§ Work task
Nothing but the pictures gets dropped; retype every entry exactly.

─── Input material ───

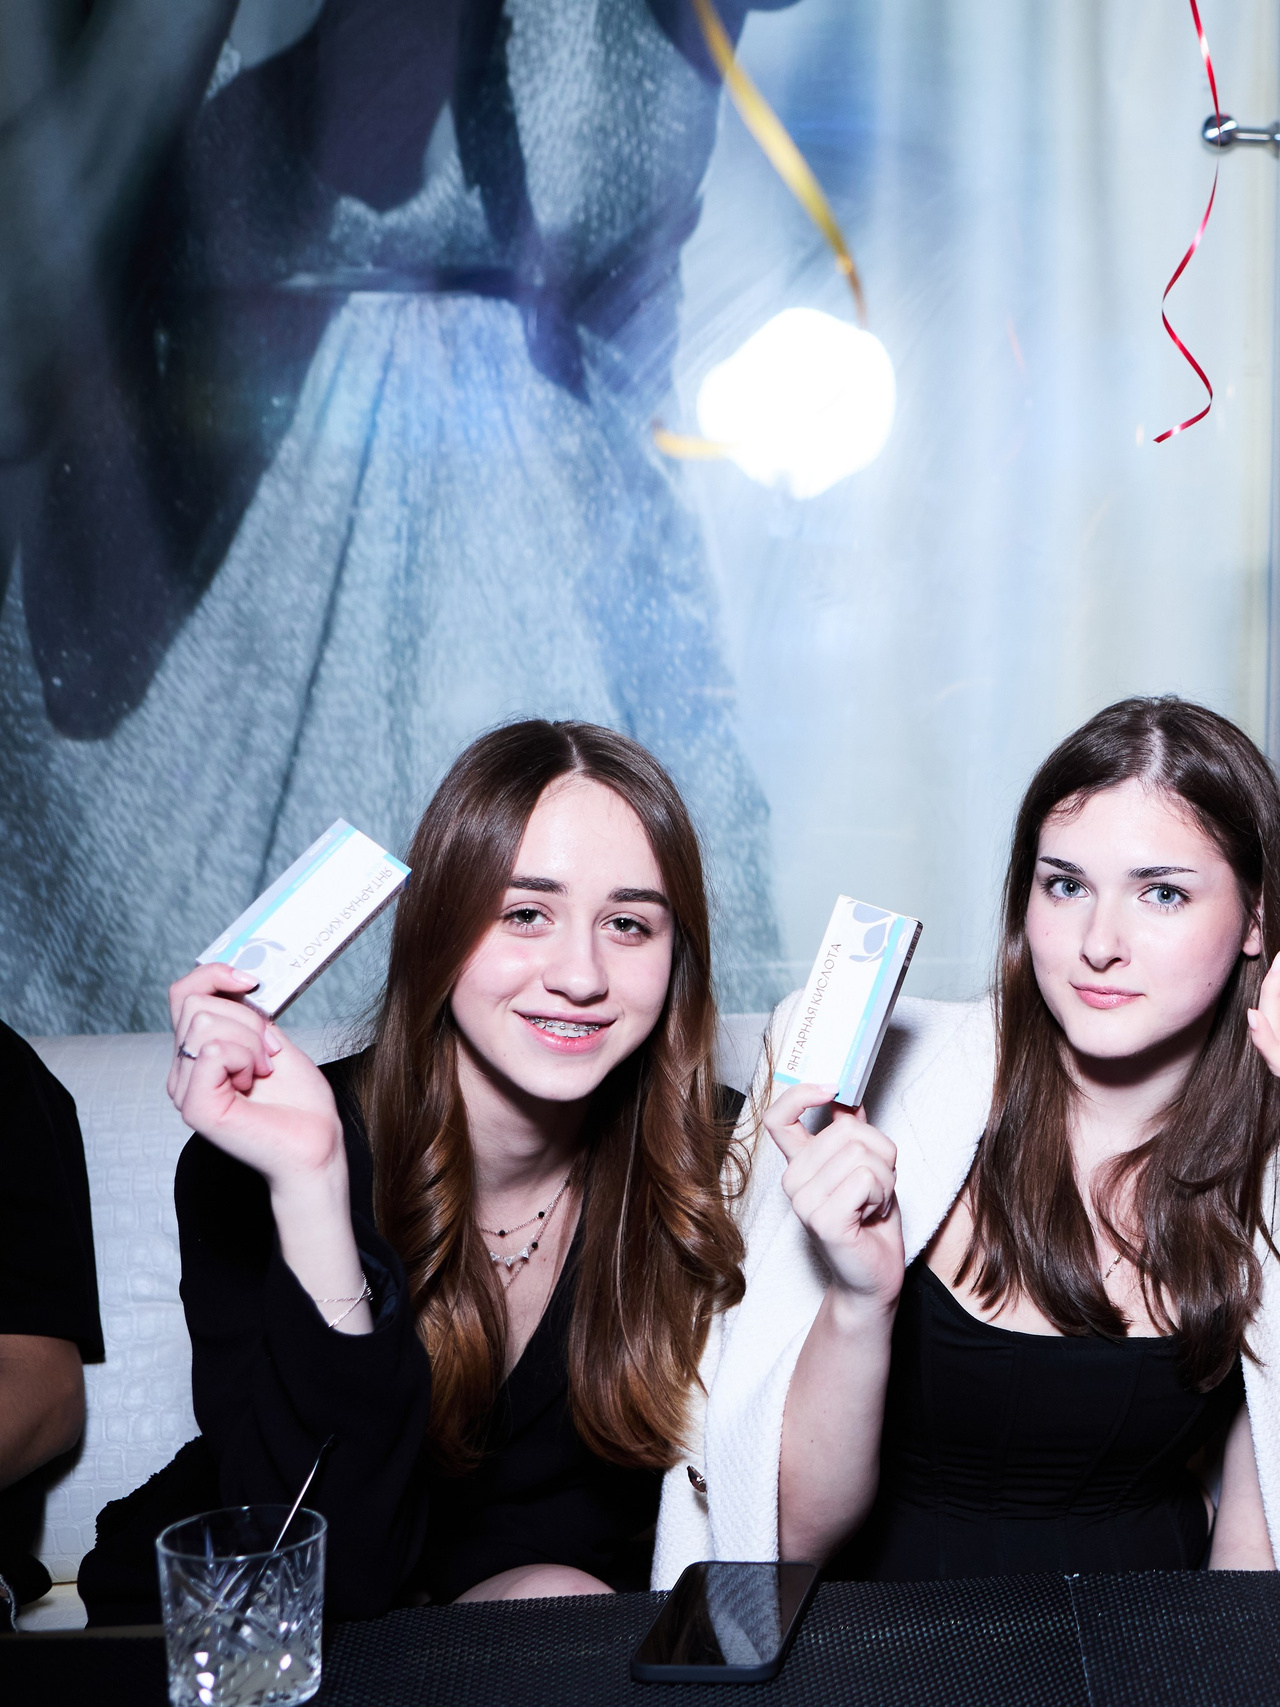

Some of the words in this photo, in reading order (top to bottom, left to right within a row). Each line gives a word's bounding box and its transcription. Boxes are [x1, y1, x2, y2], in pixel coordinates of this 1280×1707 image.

[343, 865, 393, 921] ЯНТАРНАЯ
[290, 917, 344, 968] КИСЛОТА
[787, 1006, 818, 1072] ЯНТАРНАЯ
[811, 943, 842, 1006] КИСЛОТА
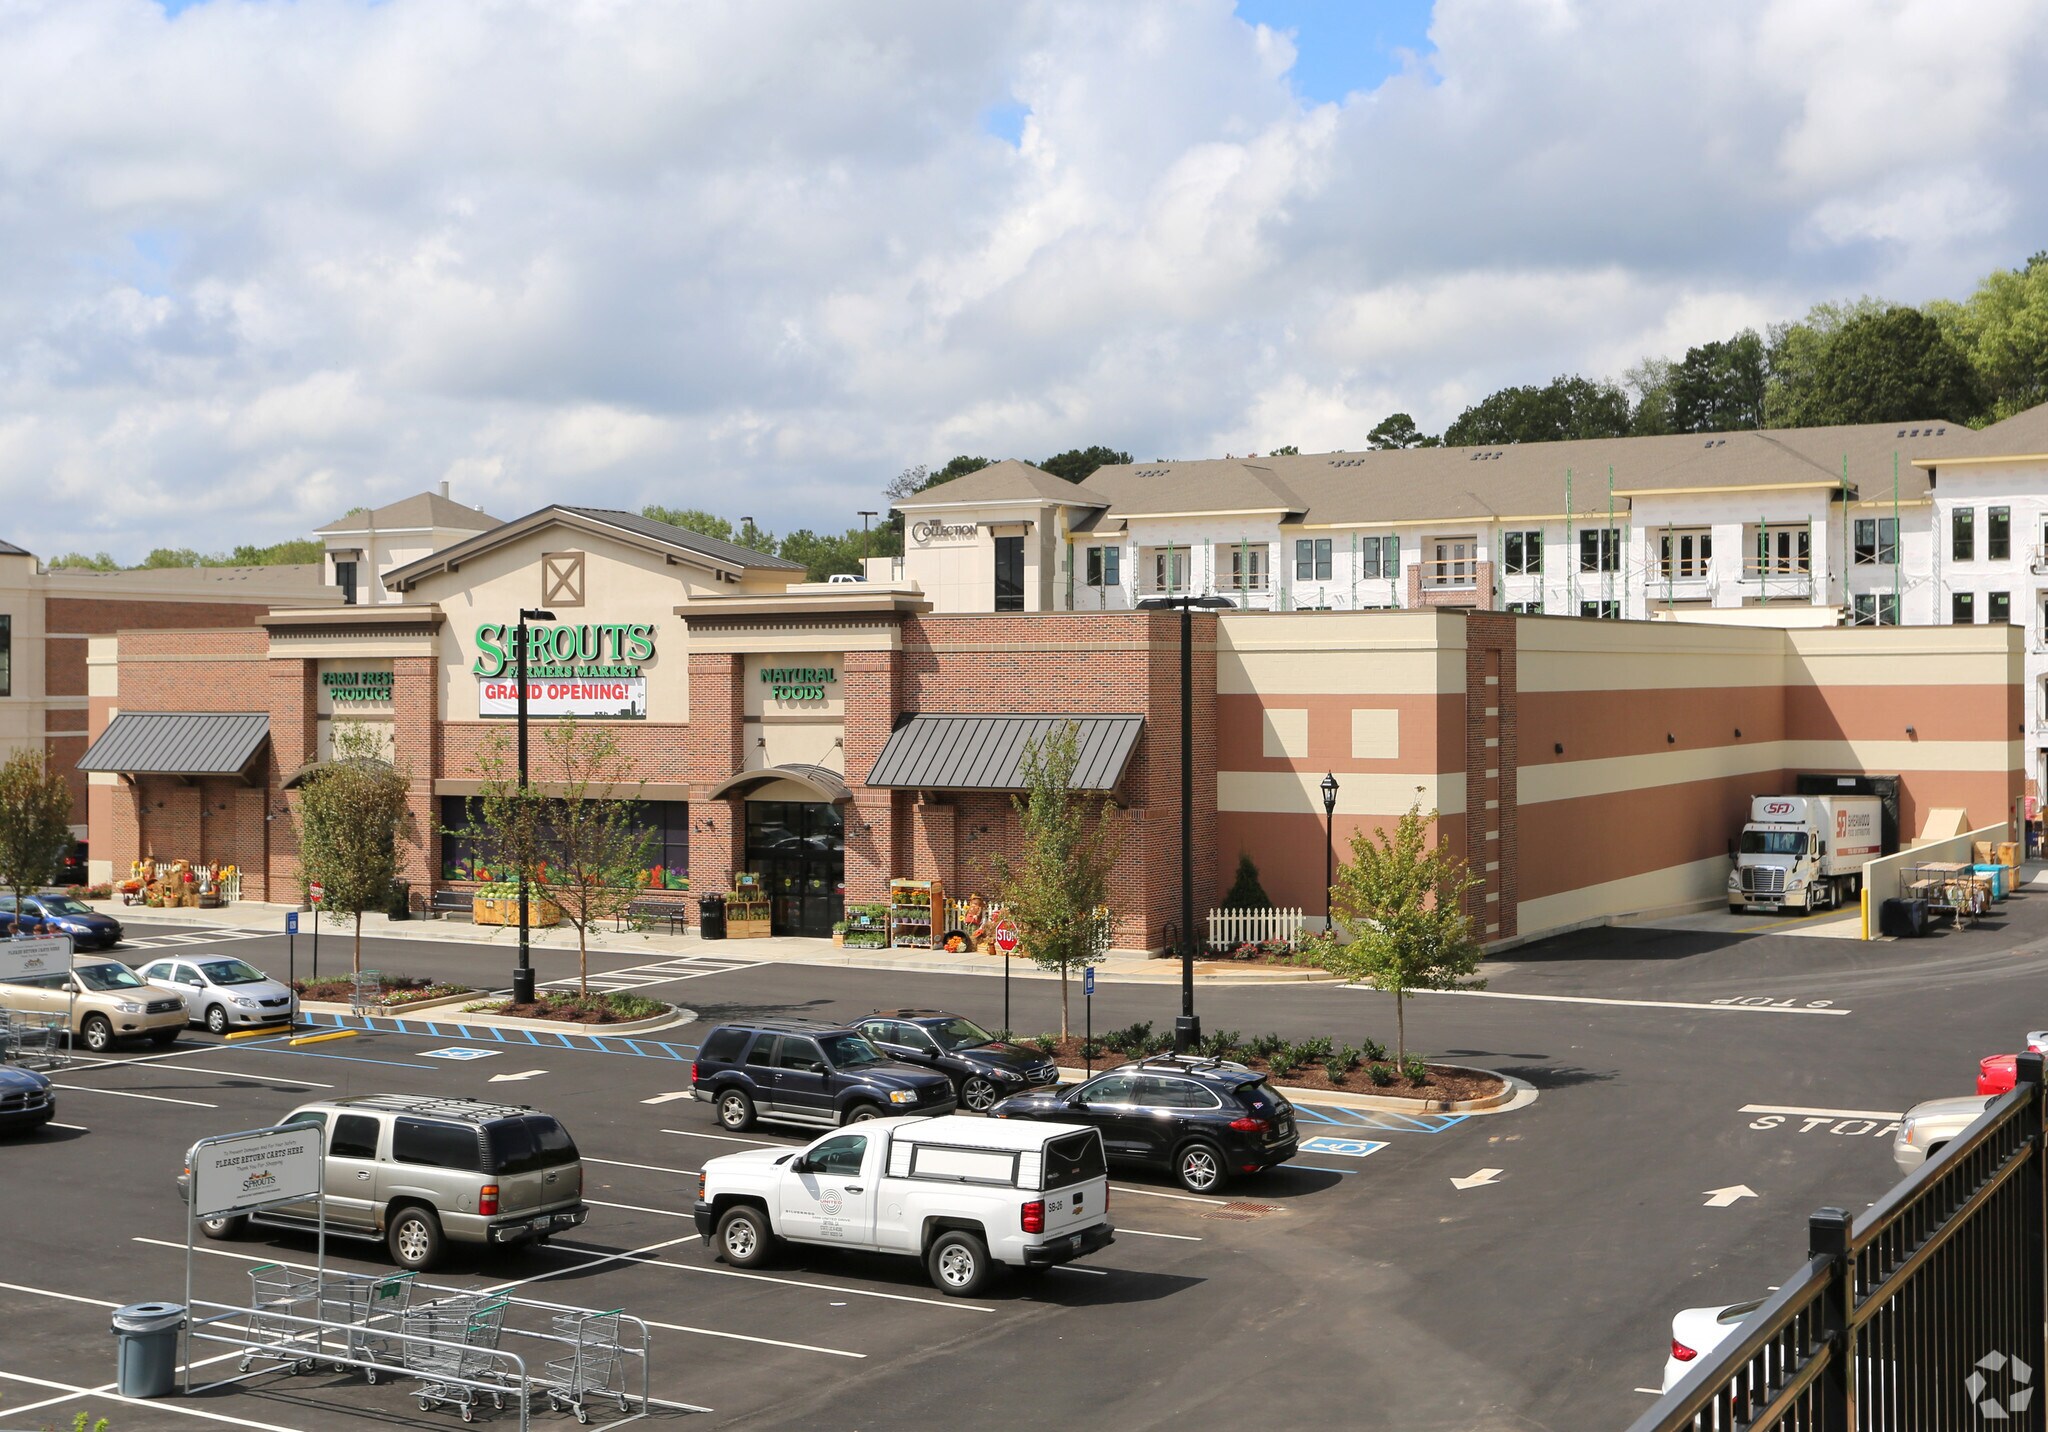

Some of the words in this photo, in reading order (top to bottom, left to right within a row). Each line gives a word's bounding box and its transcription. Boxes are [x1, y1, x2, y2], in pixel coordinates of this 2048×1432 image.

[912, 522, 977, 542] COLLECTION
[322, 672, 358, 686] FARM
[575, 665, 639, 678] MARKET
[760, 668, 837, 683] NATURAL
[330, 687, 392, 701] PRODUCE
[547, 684, 629, 700] OPENING!
[772, 685, 824, 700] FOODS
[1710, 996, 1834, 1008] STOP
[216, 1157, 240, 1168] PLEASE
[241, 1153, 266, 1164] RETURN
[266, 1149, 286, 1159] CARTS
[287, 1146, 304, 1156] HERE
[243, 1176, 276, 1191] SPROUTS

───

§ Written response
Some of the words in this photo, in reading order (top to bottom, left to right within a row). Each line gives a word's bounding box and its transcription. Boxes are [x1, y1, x2, y2], in pixel coordinates of this 1280×1707 image.

[343, 865, 393, 921] ЯНТАРНАЯ
[290, 917, 344, 968] КИСЛОТА
[787, 1006, 818, 1072] ЯНТАРНАЯ
[811, 943, 842, 1006] КИСЛОТА

Some of the words in this photo, in reading order (top to bottom, left to right within a row). Each line gives a word's bounding box and its transcription. Boxes are [x1, y1, x2, y2], in pixel coordinates of this 2048×1432 image.

[912, 522, 977, 542] COLLECTION
[322, 672, 358, 686] FARM
[575, 665, 639, 678] MARKET
[760, 668, 837, 683] NATURAL
[330, 687, 392, 701] PRODUCE
[547, 684, 629, 700] OPENING!
[772, 685, 824, 700] FOODS
[1710, 996, 1834, 1008] STOP
[216, 1157, 240, 1168] PLEASE
[241, 1153, 266, 1164] RETURN
[266, 1149, 286, 1159] CARTS
[287, 1146, 304, 1156] HERE
[243, 1176, 276, 1191] SPROUTS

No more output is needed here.